Here we all are waiting,stuck between early spring and late spring. Waiting for the ground to warm up so we can plant the next round of seeds. Waiting for more of the early spring seeds to show their little sprouts. Waiting for the earliest plantings to be ready to eat.
What to do,what to do? The seeds are purchased, leaving the seed catalogs to gather dust ,their shining glory fading away. The garden is mapped,the beds laid out and the compost has been put to work.
While waiting around for the garden to grow Chance and I have been busy,when are we not? Tuesday we took a field trip to Hillsboro Feed to check out their prices and inventory. For us Hillsboro is not any further than driving into Portland for feed.We really liked the people at Hillsboro Feed,friendly,helpful and knowledgeable. The store is well stocked with the usual feed store things and had the scent of feed and hay that I always enjoy.HF mills all of their own feed from locally sourced grains and sells a #50 bag of Layer Pellets for $11.80 a $9 savings from the local feed we had been buying.HF also sells their bales of straw for $7 which would save us 2-3 dollars. For less than the price of one bag of feed and a bale of straw from where we had been buying we were able to get 100 onions, WallaWalla Sweets and a yellow onion called Yellow Rock and our bag of feed. That made us happy.
We needed straw for our coop but never feel like we need a full bale and have no where dry to store the half we don't use so our solution was to stop at Aloha Feed and ask Mason for some free floor sweepings. Mason gave us 4 large bags full,more than enough for the coop and run . Many feed stores will give away their floor sweepings which is a great resource if you are keeping chickens on a city scale. We sometimes buy our feed from Aloha Feed along with straw and seeds. Their prices are the middle price now that we know about Hillsboro Feed.We will continue to stop in Aloha Feed when we need to make a quicker run and really we like Mason and his Mother and consider them to be great people to network with.(Aloha Feed has stuck with it's old fashioned roots and has no website for me to share with you.)

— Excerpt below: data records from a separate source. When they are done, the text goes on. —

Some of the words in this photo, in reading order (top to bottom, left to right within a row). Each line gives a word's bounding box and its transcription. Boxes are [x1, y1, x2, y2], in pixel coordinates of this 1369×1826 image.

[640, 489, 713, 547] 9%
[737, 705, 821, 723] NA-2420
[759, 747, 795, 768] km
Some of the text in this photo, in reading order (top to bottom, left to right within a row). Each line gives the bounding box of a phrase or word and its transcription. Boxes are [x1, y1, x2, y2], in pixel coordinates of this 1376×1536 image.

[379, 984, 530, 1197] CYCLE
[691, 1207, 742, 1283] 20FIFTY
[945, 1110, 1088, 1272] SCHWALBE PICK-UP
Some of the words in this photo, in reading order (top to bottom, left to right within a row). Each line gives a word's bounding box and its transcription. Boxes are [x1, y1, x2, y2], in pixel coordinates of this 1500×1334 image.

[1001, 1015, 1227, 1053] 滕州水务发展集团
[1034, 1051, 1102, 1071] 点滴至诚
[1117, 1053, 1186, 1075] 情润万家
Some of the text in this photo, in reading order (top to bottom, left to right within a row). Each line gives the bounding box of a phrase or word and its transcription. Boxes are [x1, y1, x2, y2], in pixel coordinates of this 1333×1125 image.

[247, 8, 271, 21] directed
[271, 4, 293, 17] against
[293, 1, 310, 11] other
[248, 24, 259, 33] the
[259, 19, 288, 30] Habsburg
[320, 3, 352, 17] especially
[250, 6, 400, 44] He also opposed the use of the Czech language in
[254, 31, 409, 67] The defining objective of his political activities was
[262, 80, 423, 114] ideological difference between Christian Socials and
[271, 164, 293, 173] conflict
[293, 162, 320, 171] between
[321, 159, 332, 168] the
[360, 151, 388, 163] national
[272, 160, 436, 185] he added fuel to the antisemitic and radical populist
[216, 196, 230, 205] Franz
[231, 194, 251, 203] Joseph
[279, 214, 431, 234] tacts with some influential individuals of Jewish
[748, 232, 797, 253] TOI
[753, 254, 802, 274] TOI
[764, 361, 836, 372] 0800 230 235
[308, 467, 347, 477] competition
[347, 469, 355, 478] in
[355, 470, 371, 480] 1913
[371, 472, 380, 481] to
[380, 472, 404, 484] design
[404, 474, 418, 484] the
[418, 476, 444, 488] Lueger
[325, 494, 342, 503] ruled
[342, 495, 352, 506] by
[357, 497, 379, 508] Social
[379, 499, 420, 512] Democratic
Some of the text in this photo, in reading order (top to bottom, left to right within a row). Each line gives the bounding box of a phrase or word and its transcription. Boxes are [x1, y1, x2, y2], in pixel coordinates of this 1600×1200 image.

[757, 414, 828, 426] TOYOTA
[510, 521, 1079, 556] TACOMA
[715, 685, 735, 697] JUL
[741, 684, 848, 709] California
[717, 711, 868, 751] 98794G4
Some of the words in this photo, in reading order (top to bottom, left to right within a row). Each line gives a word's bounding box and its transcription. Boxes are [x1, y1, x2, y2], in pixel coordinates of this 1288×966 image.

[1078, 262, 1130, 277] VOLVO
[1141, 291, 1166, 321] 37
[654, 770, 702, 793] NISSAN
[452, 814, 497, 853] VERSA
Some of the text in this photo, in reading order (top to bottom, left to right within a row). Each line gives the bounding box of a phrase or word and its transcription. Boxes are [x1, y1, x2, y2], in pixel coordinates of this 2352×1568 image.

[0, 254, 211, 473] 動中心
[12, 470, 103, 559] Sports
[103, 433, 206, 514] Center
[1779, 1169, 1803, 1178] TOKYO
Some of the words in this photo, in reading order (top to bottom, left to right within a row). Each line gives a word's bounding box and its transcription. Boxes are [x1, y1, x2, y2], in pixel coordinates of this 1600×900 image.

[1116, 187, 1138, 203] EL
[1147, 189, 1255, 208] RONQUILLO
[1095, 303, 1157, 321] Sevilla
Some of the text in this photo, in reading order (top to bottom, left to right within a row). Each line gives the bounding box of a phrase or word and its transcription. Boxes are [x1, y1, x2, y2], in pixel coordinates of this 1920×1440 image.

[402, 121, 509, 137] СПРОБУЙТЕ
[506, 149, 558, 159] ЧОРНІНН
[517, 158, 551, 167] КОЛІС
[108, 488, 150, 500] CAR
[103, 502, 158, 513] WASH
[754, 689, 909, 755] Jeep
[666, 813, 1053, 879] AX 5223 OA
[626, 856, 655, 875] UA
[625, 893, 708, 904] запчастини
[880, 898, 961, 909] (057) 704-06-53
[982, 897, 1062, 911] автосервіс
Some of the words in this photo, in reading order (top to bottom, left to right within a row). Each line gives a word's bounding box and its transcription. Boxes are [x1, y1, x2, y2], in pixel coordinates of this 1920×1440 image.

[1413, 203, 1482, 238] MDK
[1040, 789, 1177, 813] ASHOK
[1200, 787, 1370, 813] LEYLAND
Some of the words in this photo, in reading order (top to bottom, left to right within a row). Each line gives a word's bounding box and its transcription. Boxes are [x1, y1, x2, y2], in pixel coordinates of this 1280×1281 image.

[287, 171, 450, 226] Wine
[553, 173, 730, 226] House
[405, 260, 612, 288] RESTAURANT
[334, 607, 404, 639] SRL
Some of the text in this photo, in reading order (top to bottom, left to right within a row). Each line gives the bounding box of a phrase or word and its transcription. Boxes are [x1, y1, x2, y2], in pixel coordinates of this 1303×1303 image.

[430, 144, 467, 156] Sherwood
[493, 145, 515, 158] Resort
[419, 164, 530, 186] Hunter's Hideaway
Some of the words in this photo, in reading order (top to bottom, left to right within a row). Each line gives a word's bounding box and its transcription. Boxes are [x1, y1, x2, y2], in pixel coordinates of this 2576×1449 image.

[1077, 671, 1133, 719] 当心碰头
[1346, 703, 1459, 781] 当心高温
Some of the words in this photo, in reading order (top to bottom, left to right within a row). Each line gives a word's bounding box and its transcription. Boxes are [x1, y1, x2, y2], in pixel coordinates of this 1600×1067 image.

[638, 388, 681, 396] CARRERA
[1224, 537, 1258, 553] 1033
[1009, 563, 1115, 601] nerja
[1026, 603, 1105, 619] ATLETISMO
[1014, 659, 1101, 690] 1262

I have started a salt experiment.In our canning book Preserved there is a photo of a twig of rosemary encrusted in what I think must be salt since it's the first photo in the salting section.I am intrigued by this photo and how it was done.I know most of the beauty in the photo is the lighting, the closeness and the salt its self. I decided I would like to try and make some of these salted rosemary twigs. I made a solution of salt water like when you make salt crystals for a grade school science fair and suspended the rosemary twig above the salt water. Now what am I doing? Waiting. Once I have figured out how to make the twigs I want to move on to how to use them in cooking.I thought the twigs would also make lovely gifts,gently packed into a clear glass jar to show the sparkle of the salt.
Chance and I use several types of salts in our kitchen. Each one chosen for its purpose,curing salts for meats,sea salts, kosher salt for general cooking and table salt for baking. Some of our friends purchase over priced flavored salts which makes us chuckle.I am not talking about those bottles on the grocers shelf that have some odd color to them I am talking about salts from the gourmet cooking stores with things like truffles added to them.A micro sized jar that holds all of a tablespoon of the salt for a price some where in the teens.
Well,being Chance and Rois who have this I can do it myself rant we have been making our own flavored salts. To do this we have been cutting assorted fresh herbs from the garden,washing and patting them dry,chop coarsely and add them to a jar half full of sea salt. Shake the jar to mix the herbs in and then let the jar set for a few days. The salt will pull the oils out of the herbs and infuse the salt with the flavors. We sometimes add in fresh cracked pepper for the pepper kick.We are hoping to get out and pick some mushrooms soon.If we do we are planning to dry a few to make our own mushroom infused salt. The salt is super easy to do and if you shop around carefully you can find a 5 pound bag of sea salt for around 6 or 7 dollars.
Today will be busy,friends are stopping by to pick some things up in the afternoon.Issac's Boy Scout buddies are coming over after school to do some baking for their weekend trip. Somehow I seem to be the only Mother who does not mind the chaos that comes from teen aged boys baking in my kitchen.On their menu for this trip: Brownies and a quick bread filled with bacon and cheese.
I'll be back when the cloud of flour settles,the boys are gone on their trip and things are quiet for just a moment or two.Ha-ha that's kind of funny to me,the idea of a quiet house.Is it possible here?